最強の王子は花売り娘に恋をする

そこにジュリエッタが籠の中に紙で折った鳥をたくさん入れて持ってきた。

そしてフレデリックを呼ぶと

「ねえフレデイ前にガレリア公爵領にいた時こんな鳥を部屋まで飛ばしてくれたよね。中に手紙を書いて」

「うん、時間が無くて会えない時や夜遅くなったり朝早くなったりしたときに手紙だけ届けたくて紙の鳥を飛ばしていたな」

「ねえこれ戦略で使えないかしら?もちろん少しじゃダメだと思うけど何千何万という鳥を折って敵に向かって飛ばしたら目くらましになるんじゃないかと思って、その間にこちらの思うようなことができないかしら?」

「う~ん、それ使えるかも風魔法が使えるものならこの紙の通信はよく使ってるから、でも何千という鳥を折るのは大変じゃないか?」

「それは私たち女性陣に任せて侍女やメイドも沢山いるから一人百折るだけで2万くらいの鳥は折れるわよ」

「そうかそれはすごいな。皆に話してその案採用するよ。ジュリエッタは鳥の準備始めてくれるか?何に使うかは内緒にして侍女たちや城の下働きに折って貰ってくれ。そうだな、戦勝祈願とでも言ってくれればいい。風の魔法を使えるものは25人いるから木箱25個に分けて入れておいて欲しい。ひと箱に3000としてかなりの数になるぞ」

「大丈夫よ、女達も何か役に立てるってきっと喜んでやってくれるわ」

「そうか、それはジュリエッタに任せた」

「うん、任せて!」

その日から、ジュリエッタ、マリア、王妃様が中心になって、王宮中の女たちが紙の鳥を折り始めた。

開戦はおそらく5日後ぐらいになると言う予想だ。

ジュリエッタ達は 遅くとも3日後には25個の木箱に最低3000の紙の鳥を折って入れなければならない。

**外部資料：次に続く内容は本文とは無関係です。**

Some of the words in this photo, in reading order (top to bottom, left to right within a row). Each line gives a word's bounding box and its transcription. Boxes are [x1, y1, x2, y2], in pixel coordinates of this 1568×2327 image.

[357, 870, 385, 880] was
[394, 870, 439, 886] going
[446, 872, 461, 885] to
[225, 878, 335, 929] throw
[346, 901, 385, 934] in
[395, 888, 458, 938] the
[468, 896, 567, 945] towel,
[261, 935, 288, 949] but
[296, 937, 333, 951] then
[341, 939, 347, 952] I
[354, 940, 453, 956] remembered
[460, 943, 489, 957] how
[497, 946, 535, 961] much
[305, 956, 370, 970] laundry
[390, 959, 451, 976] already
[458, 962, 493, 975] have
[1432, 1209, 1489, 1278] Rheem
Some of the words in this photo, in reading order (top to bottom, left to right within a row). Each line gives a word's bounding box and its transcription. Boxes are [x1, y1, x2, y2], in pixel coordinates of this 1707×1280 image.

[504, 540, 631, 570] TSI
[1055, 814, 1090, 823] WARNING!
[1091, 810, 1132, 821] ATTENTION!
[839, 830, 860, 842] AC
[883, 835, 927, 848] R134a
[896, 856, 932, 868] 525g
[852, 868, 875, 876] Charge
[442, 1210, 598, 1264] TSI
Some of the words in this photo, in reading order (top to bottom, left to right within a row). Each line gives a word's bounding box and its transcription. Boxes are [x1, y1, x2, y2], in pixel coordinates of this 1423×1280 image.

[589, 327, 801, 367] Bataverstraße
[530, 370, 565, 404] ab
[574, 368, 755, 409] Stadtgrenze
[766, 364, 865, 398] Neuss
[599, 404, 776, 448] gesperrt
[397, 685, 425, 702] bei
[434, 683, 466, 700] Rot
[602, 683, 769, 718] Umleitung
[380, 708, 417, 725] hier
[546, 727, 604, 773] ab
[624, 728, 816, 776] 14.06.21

ケンデイルも双子の王女のシュシュとステラもマリアの息子のザイールも一人300を目標に頑張った。

そしてその5日後、シュバイツァー王国軍はキメラ帝国との国境のこちら側で、総大将となったフレデリックは斥候が相手の軍の位置を知らせてくるのを待っていた。

岩を先に吹き飛ばさなければならないからだ。

キメア帝国との戦は4年前だったので、岩も脆くなっているはずだ。

そんなには威力はないだろう。

それに紙の鳥を加えて相手の目くらましにするのだ。

そのすきに土魔法で作った土偶達を相手の大砲の砲身に入り込ませて膣発(こうはつ)させ、その場で爆発させてしまおうと言う作戦だ。